Let's say I have a reference genome and I sequence it into short-reads. Then, I will fed the reads to velvet to create a de novo assembly.
Let's say I have two or more contigs assembled (but not the entire genome). velvet also reports k-mer coverage for each of the contig.
For example, if AGCGGCC is my reference genome, my two assembled contigs are AG (the first two bases) and CC (the last three bases). I'm also given k-mer coverage for AG and GCC, 10.0 and 20.0 respectively.
How to find the overall coverage for the genome? In RNA, we can calculate something like RPKM abundance for a transcript but is there anything like that in metagenomics? Does my question even make sense? I know everything about my reference genome, can I report anything like coverage (or abundance) for the reference genome?
EDITED
The Ray assembler gives biological abundances statistic. Is this the coverage that I'm trying to find?
https://github.com/sebhtml/ray/blob/master/Documentation/BiologicalAbundances.txt
Thanks for the link! I'm a bit confused, that's why I'm asking. I've checked Ray assembler, it has something like biological abundances, do you think this means coverage of a reference genome?
Please check: https://github.com/sebhtml/ray/blob/master/Documentation/BiologicalAbundances.txt
Still not sure if you're talking genome or metagenome assembly -- this matters on the issue as they are not the same.
If you look at the link I posted from a previous questions about Ray, you'll see it uses k-mers to measure coverage. Don't confuse k-mer coverage with actual read coverage as strain diversity and similar OTUs will affect this.

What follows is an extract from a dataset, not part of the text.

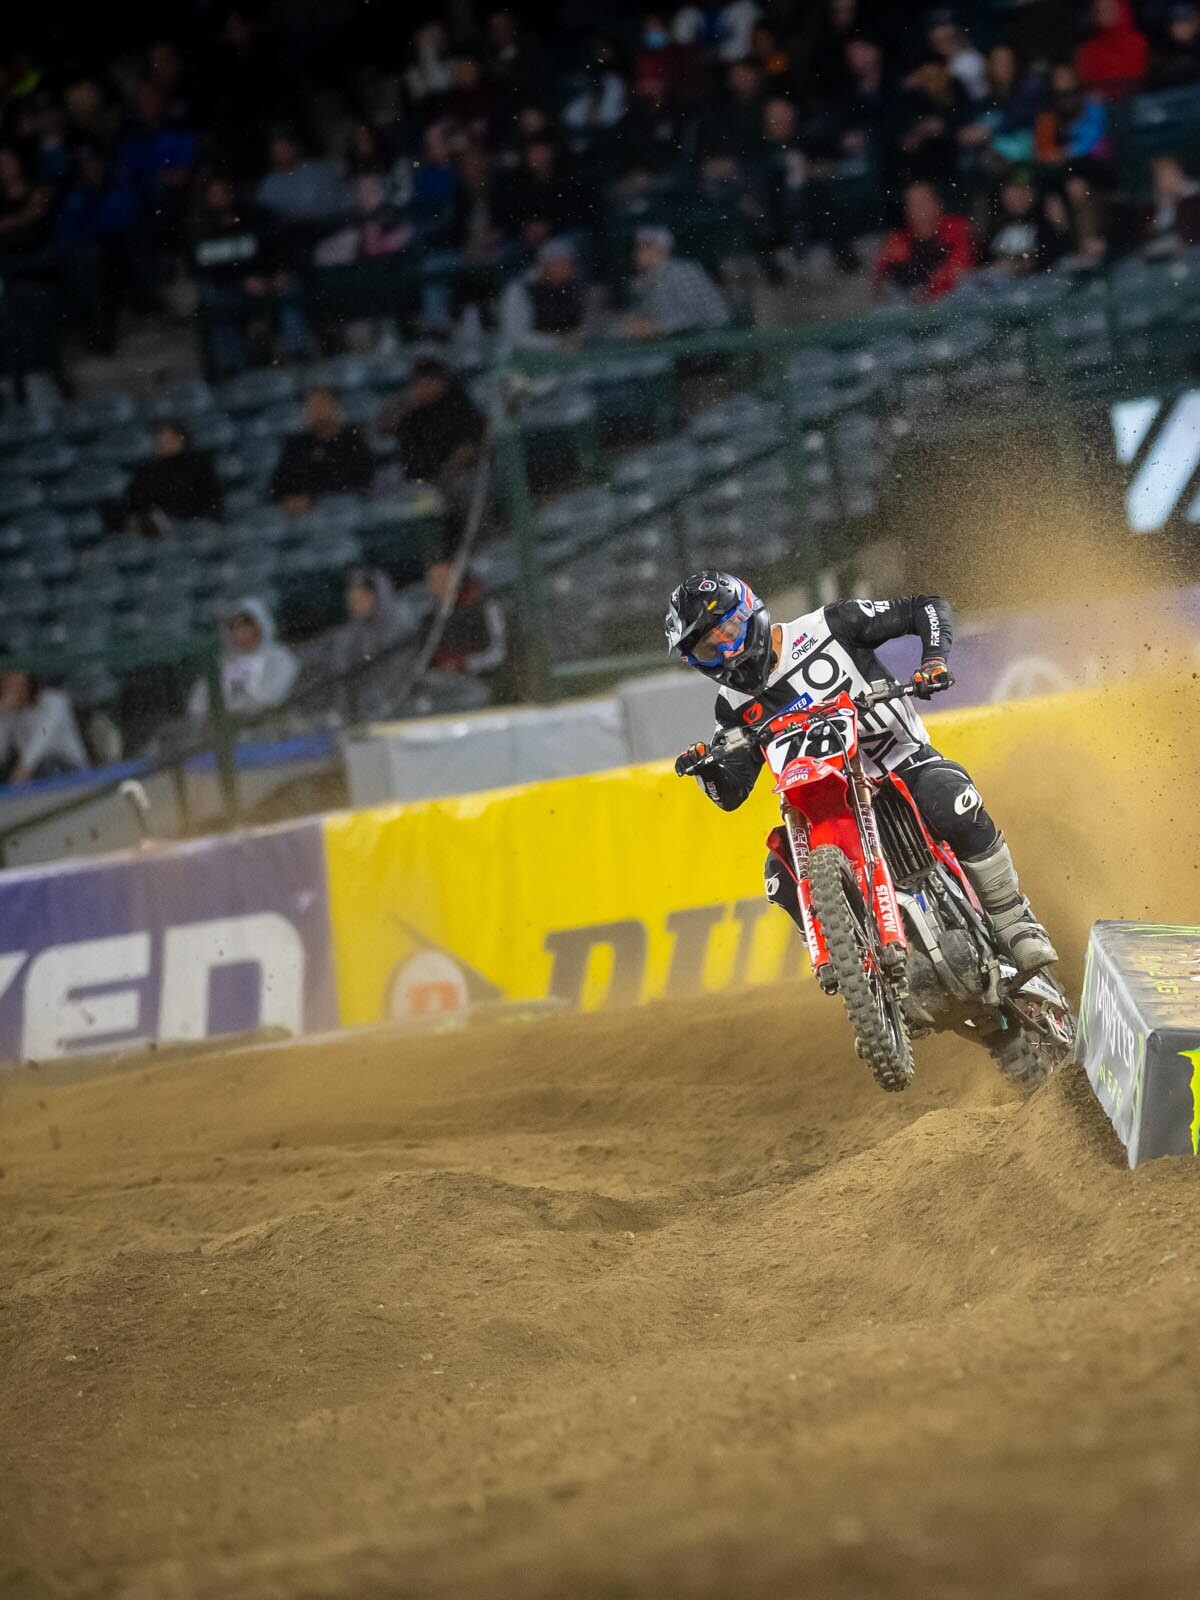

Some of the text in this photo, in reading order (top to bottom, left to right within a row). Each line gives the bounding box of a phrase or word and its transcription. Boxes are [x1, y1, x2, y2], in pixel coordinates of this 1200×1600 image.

Furthermore, you mention "reference genome" -- in a metagenomic sample how do you know what your reference genome is?
Sorry I made my questions unclear because I'm struggling with the subject (it's quite technical). I actually have a known microbial community that I can use it to simulate reads. The goal is to evaluate how each de novo assembler such as velvet perform, relatively to the community from where the reads come from. I know I can get k-mer coverage for a contig easily, but I'm struggling to understand if I can also calculate k-mer coverage or actual read coverage for an organism. I asked because I'm not even sure my question makes sense. Everywhere, I see people talk about k-mer coverage for a contig, but what about the reference genome? Would that be possible or make sense to calculate coverage for the genome?
One more time: Is this a metagenome (unknown reference) or a synthetic microbial community (known reference genomes)? This matters here if you can use k-mers or not to estimate coverage.
After your last comment here, I'm just confused what exactly you are looking to do. What is your research question?